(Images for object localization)
========================
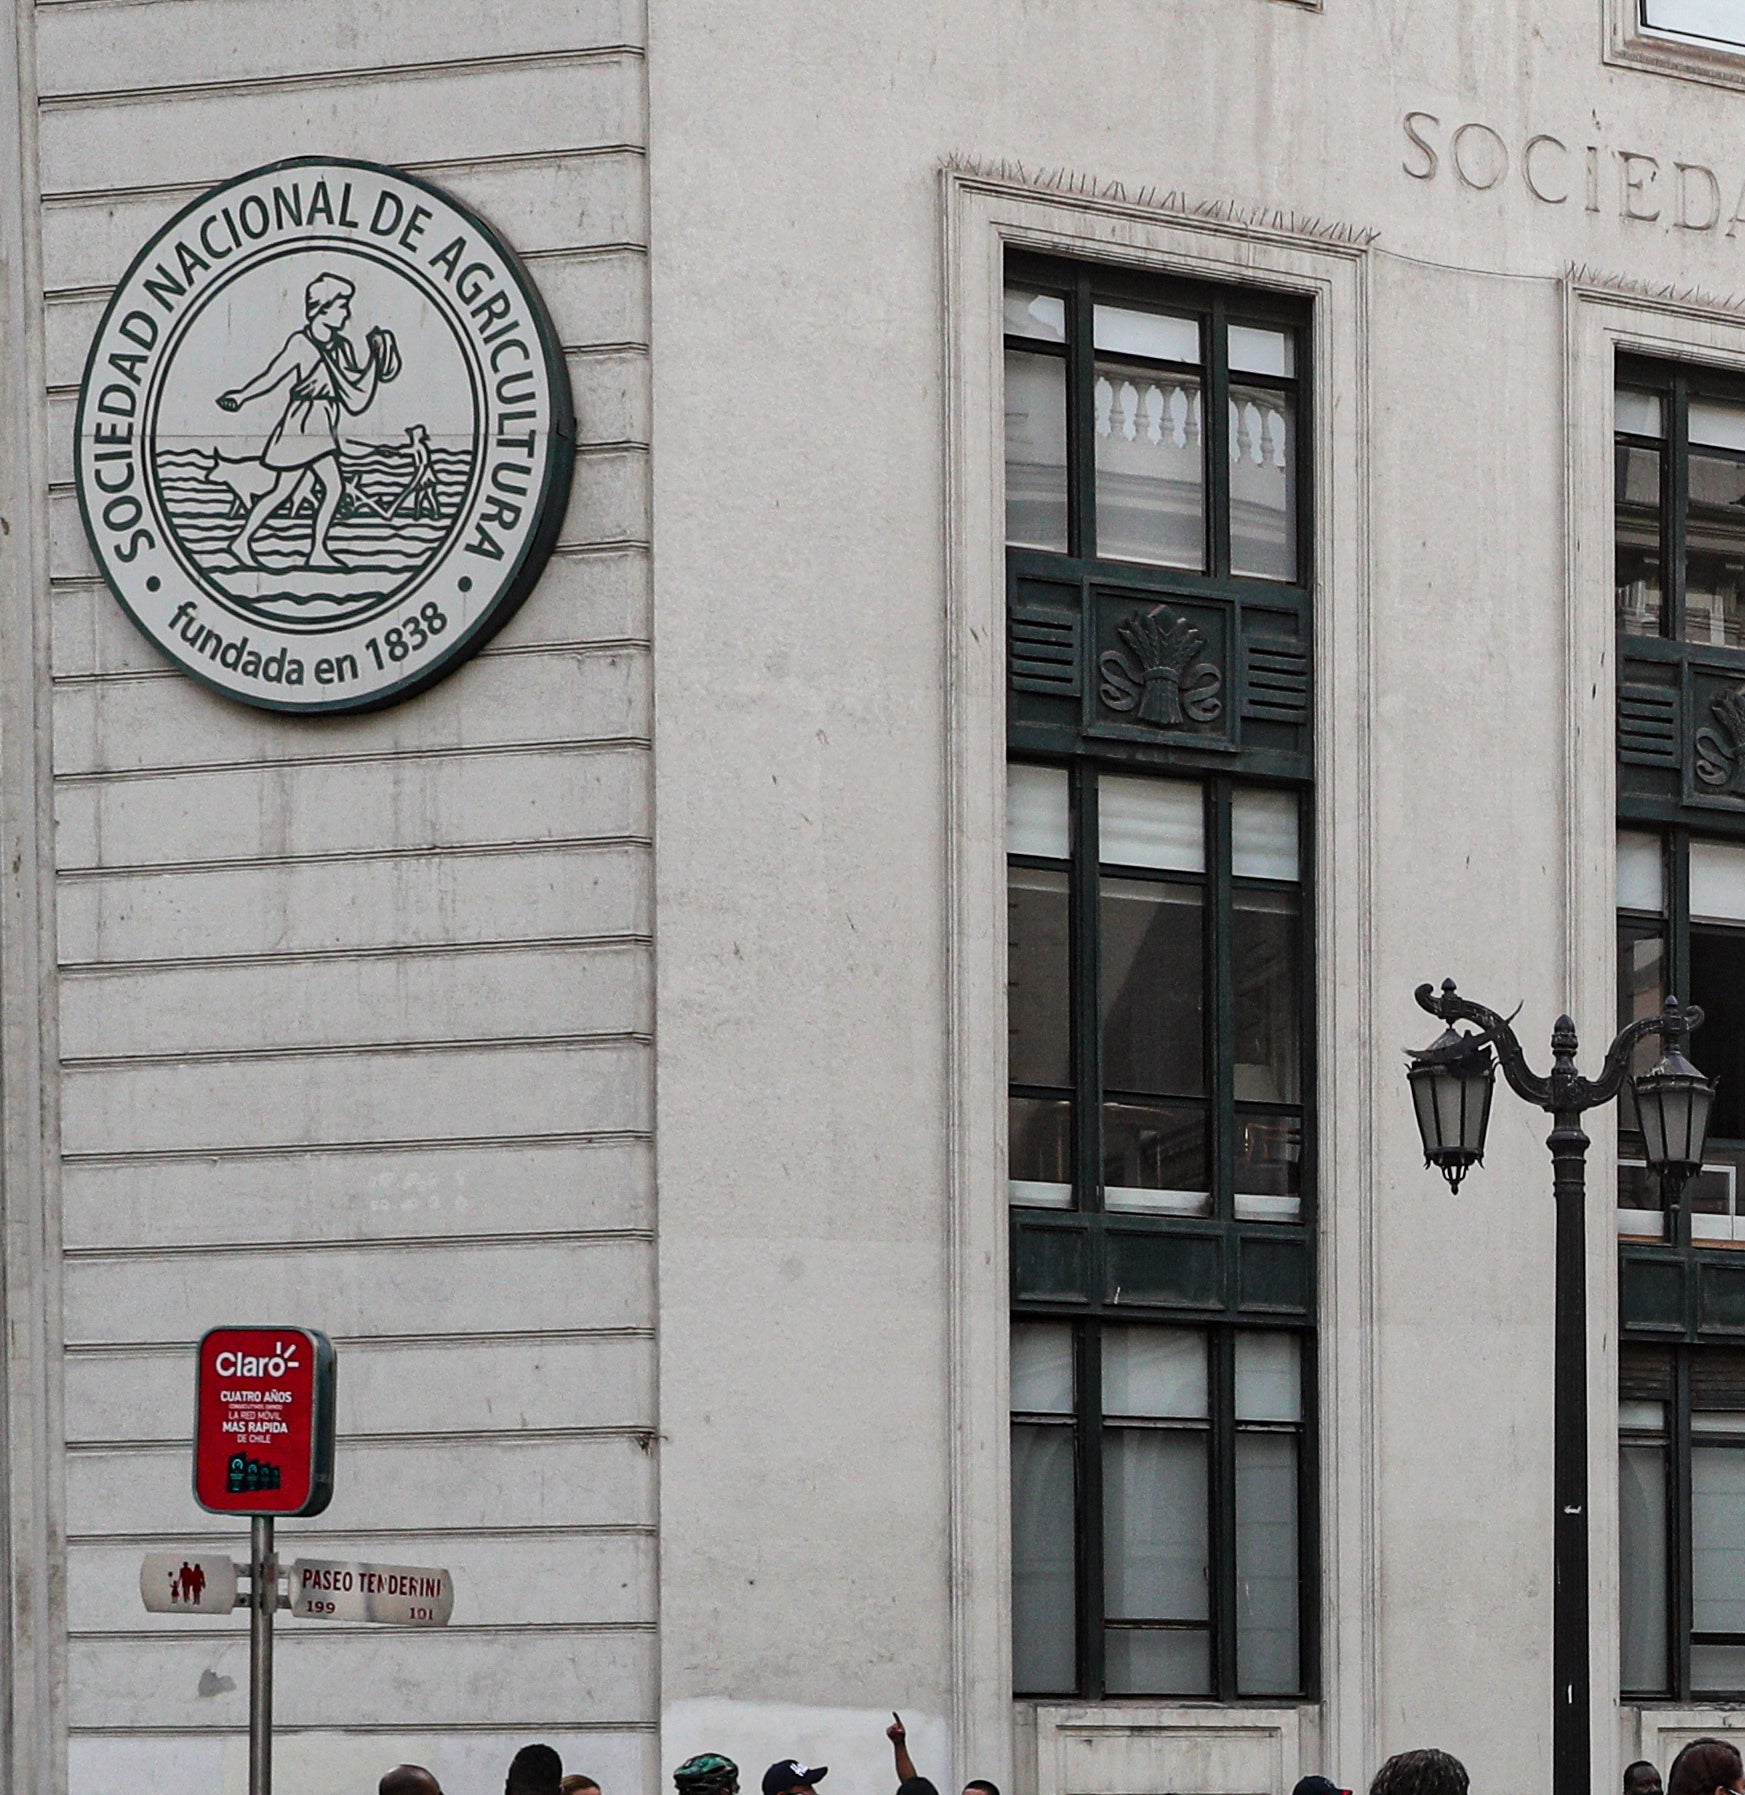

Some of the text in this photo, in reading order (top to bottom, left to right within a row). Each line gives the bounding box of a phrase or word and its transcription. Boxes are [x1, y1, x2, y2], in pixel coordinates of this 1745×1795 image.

[93, 181, 538, 565] SOCIEDAD NACIONAL DE AGRICULTURA
[167, 600, 449, 686] fundada en 1838
[215, 1350, 287, 1378] Claro
[220, 1388, 293, 1403] CUATRO AÑOS
[228, 1411, 239, 1420] LA
[237, 1434, 272, 1444] DE CHILE
[302, 1568, 353, 1592] PASEO
[306, 1600, 336, 1614] 199
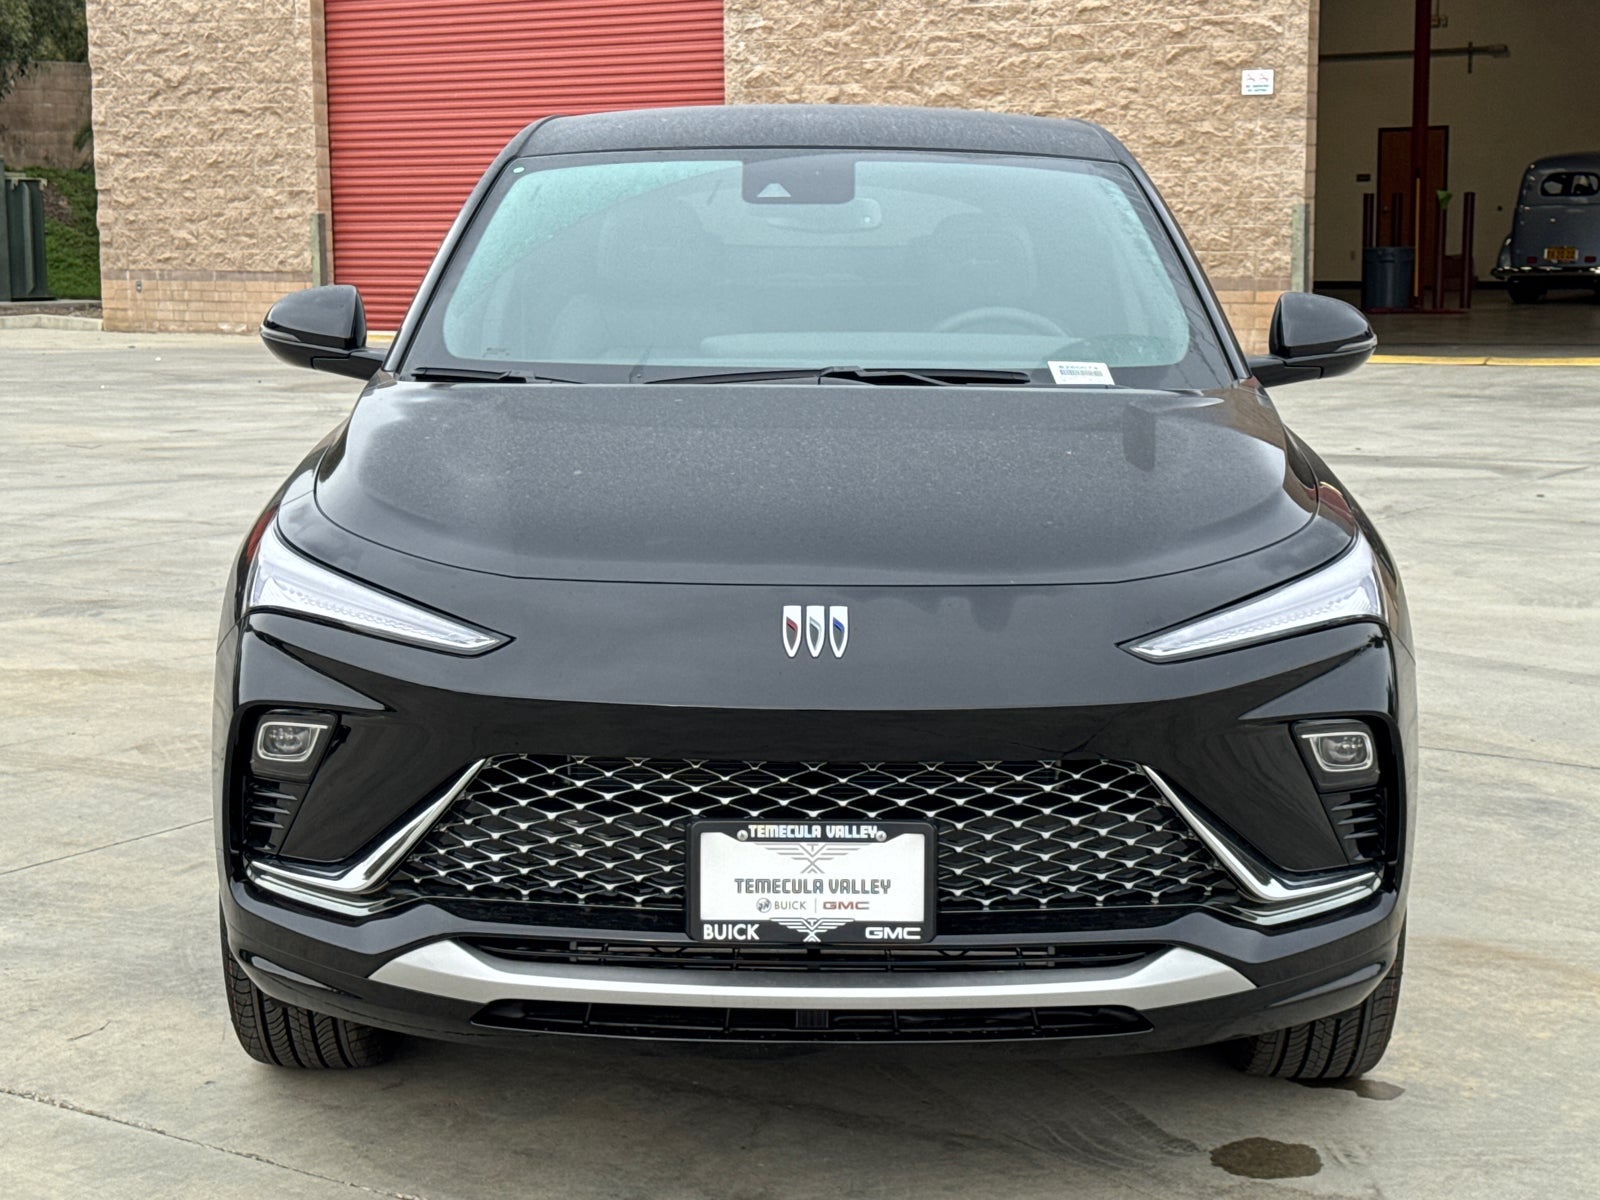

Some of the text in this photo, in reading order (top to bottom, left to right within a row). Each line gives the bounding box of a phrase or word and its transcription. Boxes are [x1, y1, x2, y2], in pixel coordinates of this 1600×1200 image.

[748, 824, 878, 839] TEMECULA VALLEY
[734, 878, 892, 895] TEMECULA VALLEY
[774, 900, 870, 910] BUICK GMC
[703, 924, 922, 940] BUICK GMC
========================
§ **Exercise**
Output the records verbatim without pictures.

§ **Answer to this task**
Some of the text in this photo, in reading order (top to bottom, left to right within a row). Each line gives the bounding box of a phrase or word and its transcription. Boxes are [x1, y1, x2, y2], in pixel coordinates of this 1745×1795 image.

[93, 181, 538, 565] SOCIEDAD NACIONAL DE AGRICULTURA
[167, 600, 449, 686] fundada en 1838
[215, 1350, 287, 1378] Claro
[220, 1388, 293, 1403] CUATRO AÑOS
[228, 1411, 239, 1420] LA
[237, 1434, 272, 1444] DE CHILE
[302, 1568, 353, 1592] PASEO
[306, 1600, 336, 1614] 199

Some of the text in this photo, in reading order (top to bottom, left to right within a row). Each line gives the bounding box of a phrase or word and its transcription. Boxes are [x1, y1, x2, y2], in pixel coordinates of this 1600×1200 image.

[748, 824, 878, 839] TEMECULA VALLEY
[734, 878, 892, 895] TEMECULA VALLEY
[774, 900, 870, 910] BUICK GMC
[703, 924, 922, 940] BUICK GMC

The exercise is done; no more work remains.